The great Canstruction ends tomorrow, so if there's any way you can get to 32nd and Lexington (200 Lex, to be precise, which houses the New York Design Center) before then... well, please do so. Now in its 14th year, Canstruction is a "design/build" competition for which architecture, design and/or engineering firms conceive of and construct huge sculptures made almost entirely of cans of food (sometimes other food packaging is used for details). At the end of the exhibit, all the cans go to City Harvest, to be distributed to food banks, shelters, soup kitchens, senior homes, etc., all over the city. The price of admission to see these incredibly creative, whimsical, technically challenging, exceedingly clever works of art? One can of food. The amazing creations are scattered throughout the showrooms on nearly all 15 floors of the Design Center, adding treasure-hunt appeal to the experience. Scheduling and logistics have so far prevented Bo and Co from going this year (though I'm hoping I can get them there tomorrow), but I went solo yesterday afternoon and had a blast. Here's a look at a few of my favorites. Click on any image to enlarge.

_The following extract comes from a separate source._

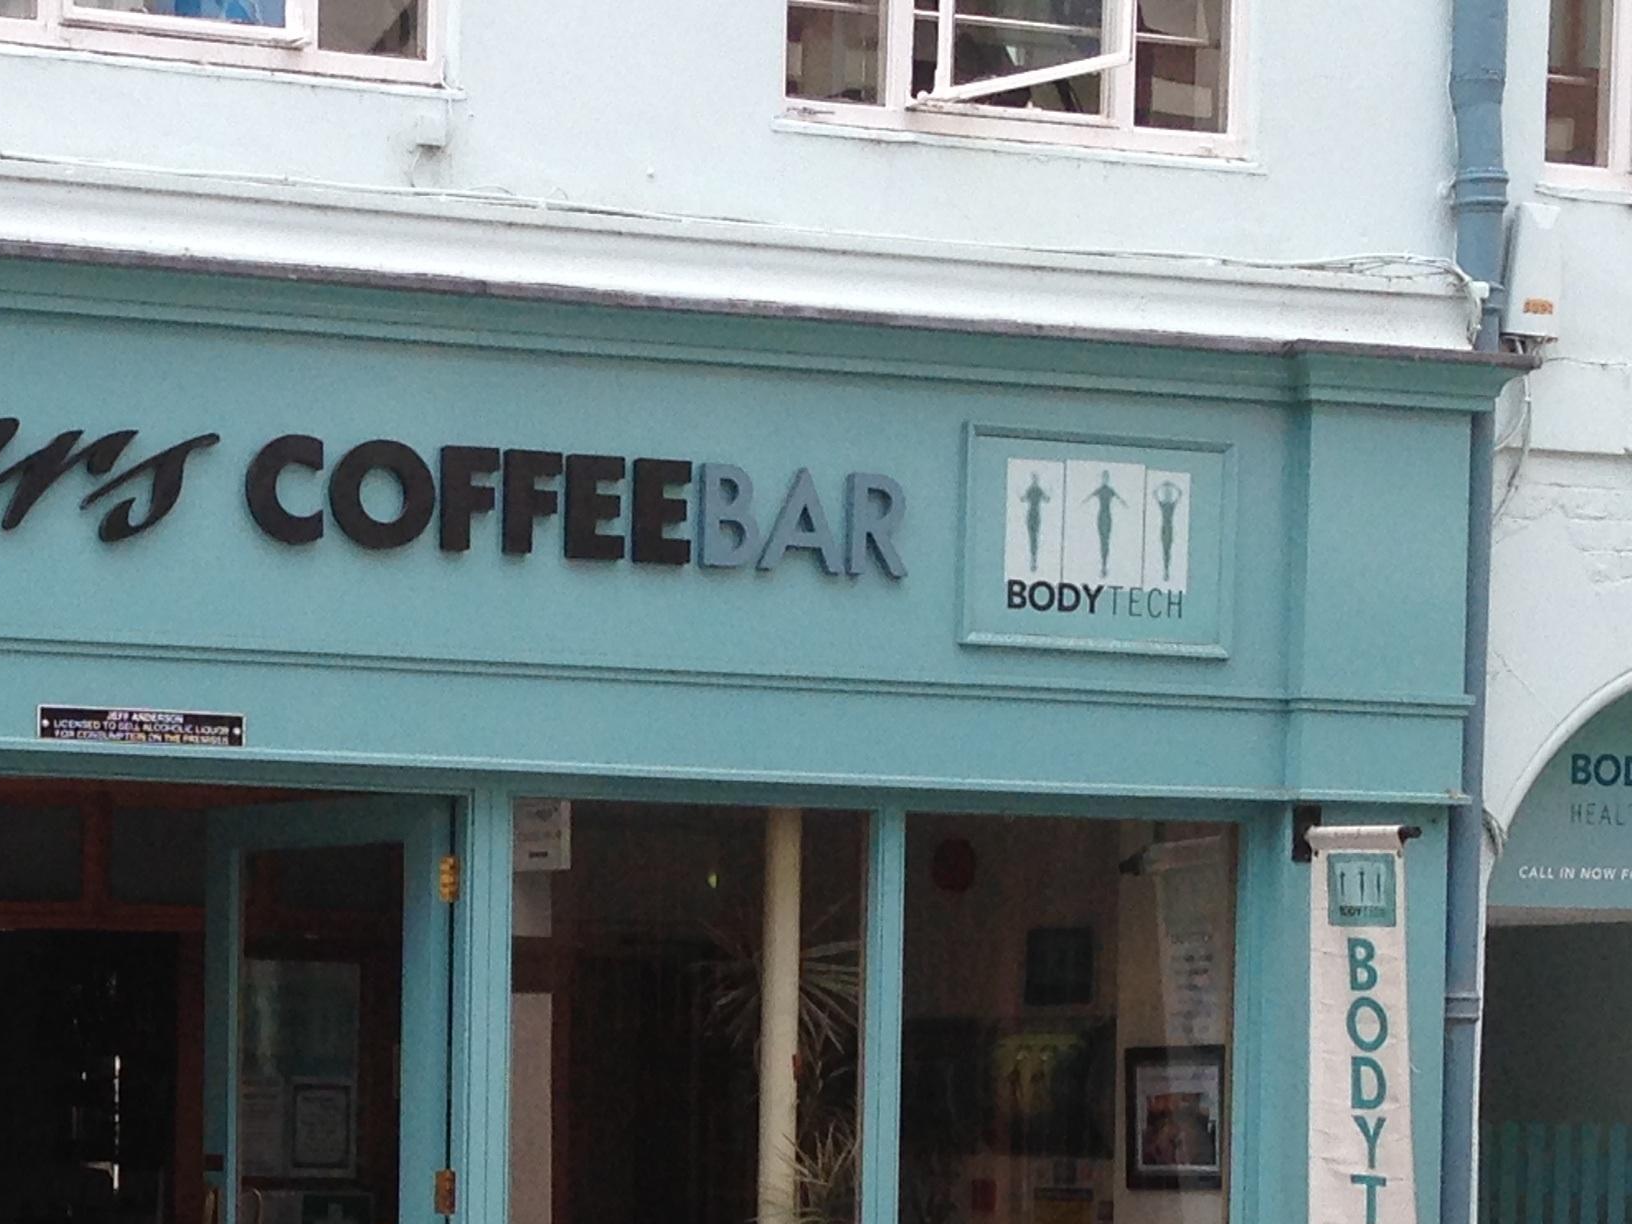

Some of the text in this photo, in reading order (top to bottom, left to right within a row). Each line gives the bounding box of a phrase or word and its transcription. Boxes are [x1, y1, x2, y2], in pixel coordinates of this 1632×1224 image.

This giant hand was pretty incredible. Another thing that makes this exhibit so much fun is the setting. You walk into these high-end design showrooms, and Canstruction's brightly-colored, sometimes silly, and quite massive sculptures are just sitting amidst the "fancy" furnishing on display.

This piano was one of the most "life-like" looking pieces.

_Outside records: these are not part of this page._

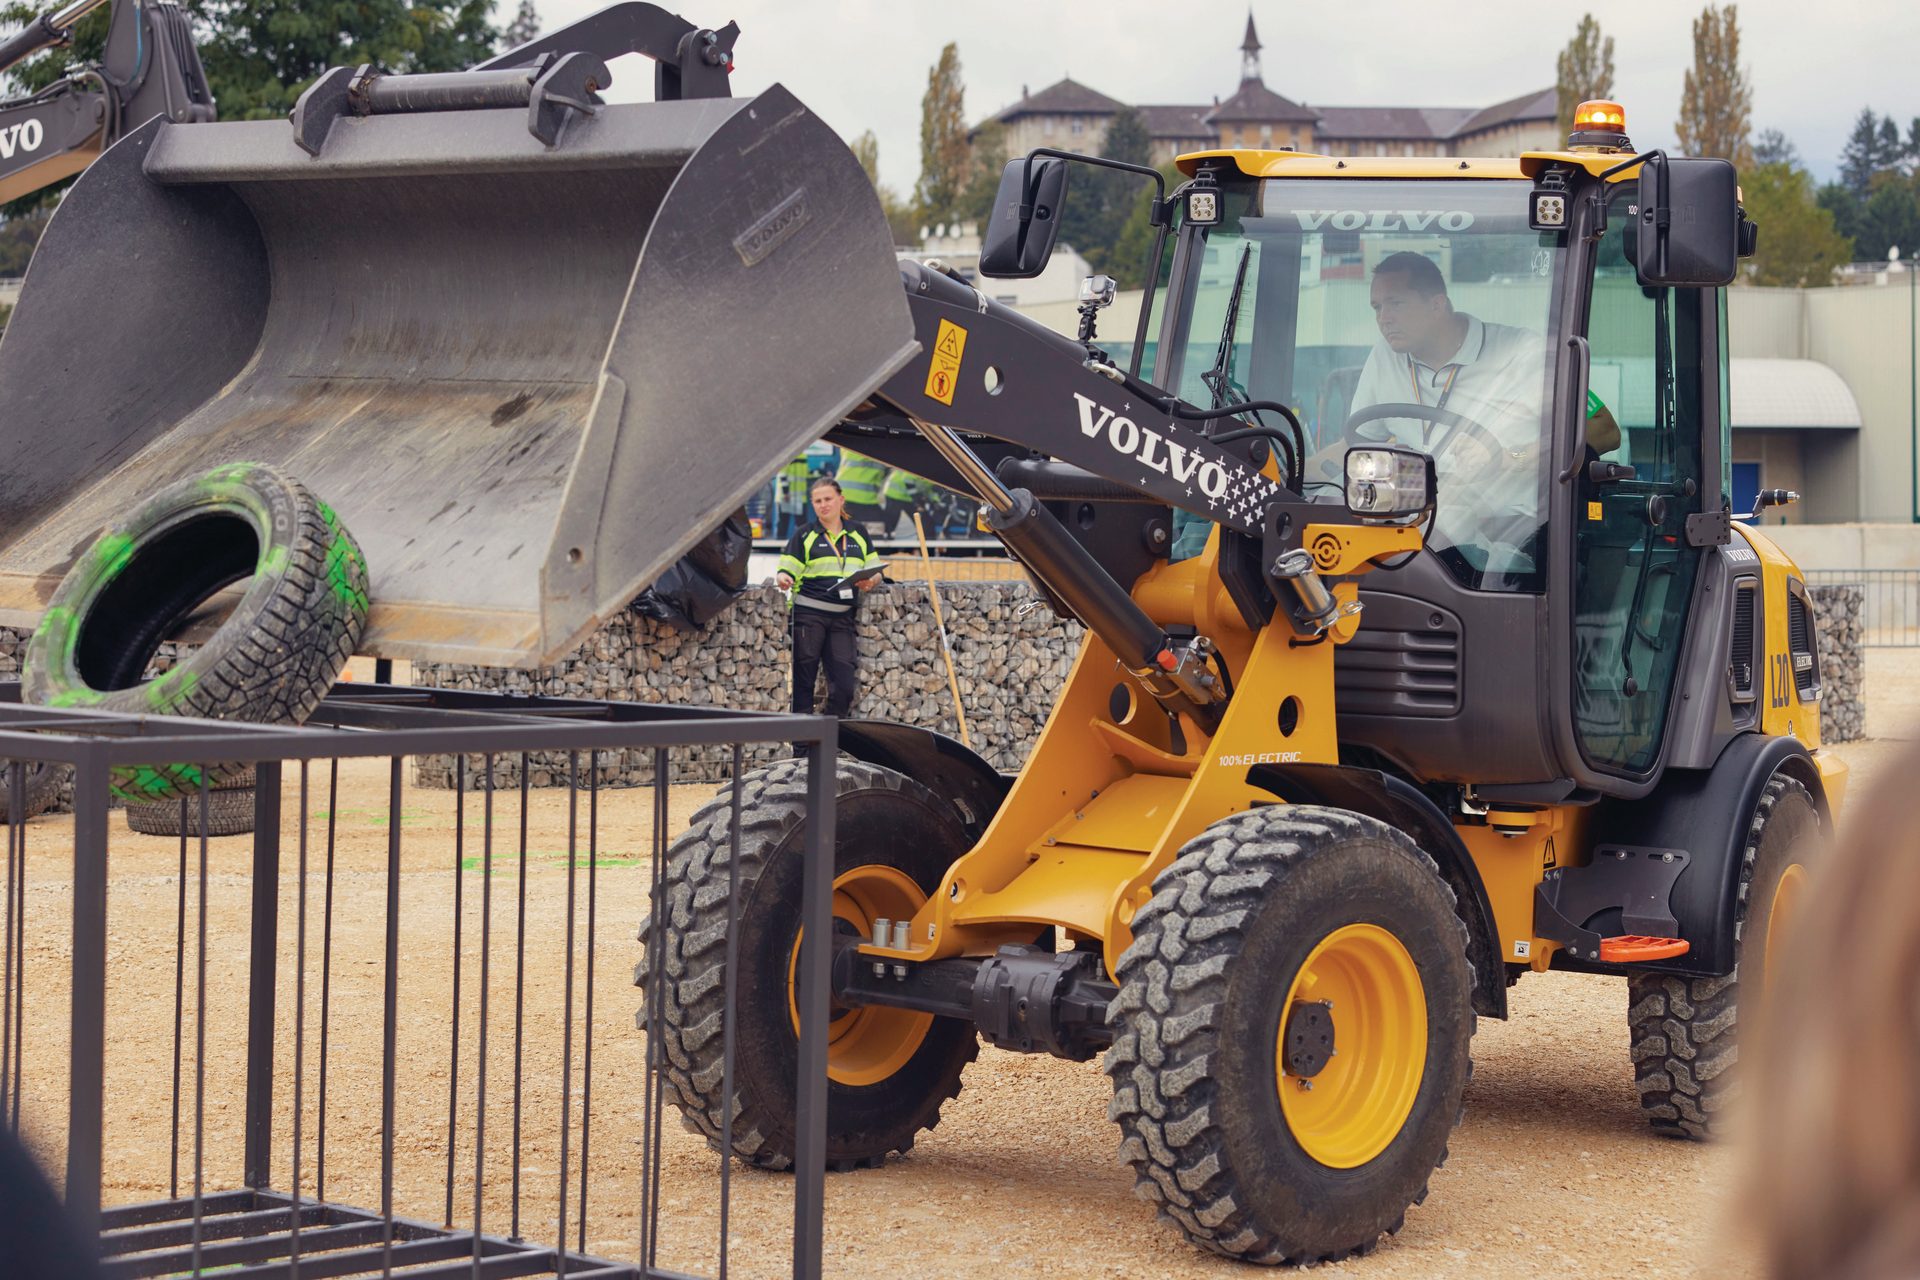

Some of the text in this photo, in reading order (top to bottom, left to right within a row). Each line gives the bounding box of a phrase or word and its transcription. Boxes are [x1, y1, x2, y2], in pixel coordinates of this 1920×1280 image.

[747, 201, 806, 254] VOLVO
[1290, 209, 1475, 232] VOLVO
[1073, 391, 1229, 499] VOLVO
[1725, 548, 1756, 562] VOLVO
[1770, 653, 1790, 708] L20
[1219, 751, 1302, 767] 100% ELECTRIC

Monster-sized Connect Four!

A view of Earth from the moon. I loved the way the did "outer space," and used a Manwhich can for the astronaut.

Tough to capture in a photograph, but this two-man bobsled was technically cool in the way it was slanted, going around the "curve." Liked the water bottles for ice, too.

One of several dragons/sea serpents, this got my award for best use of small details. Like...

...Pixie Stix for whiskers (dragons have whiskers? I guess so... it looked so much more "realistic" with them included), cinnamon Ice Breakers for eyes, and those high-end tea bags for fangs....

....and a damsel in distress amid the crennelations!

This running faucet must have been nerve-wracking to construct. Wonder how many times it fell before they nailed it?

The Mobius Strip won first prize, but unfortunately had collapsed before my visit yesterday.

Cans of tuna are by FAR the most common building material used, here creating a cute alligator with a Kit-Kat tongue and caviar eyes.

One of two sushi sculptures. I liked the shrimp on this one, and the wasabi, and the fact that upside-down rice containers form the platter.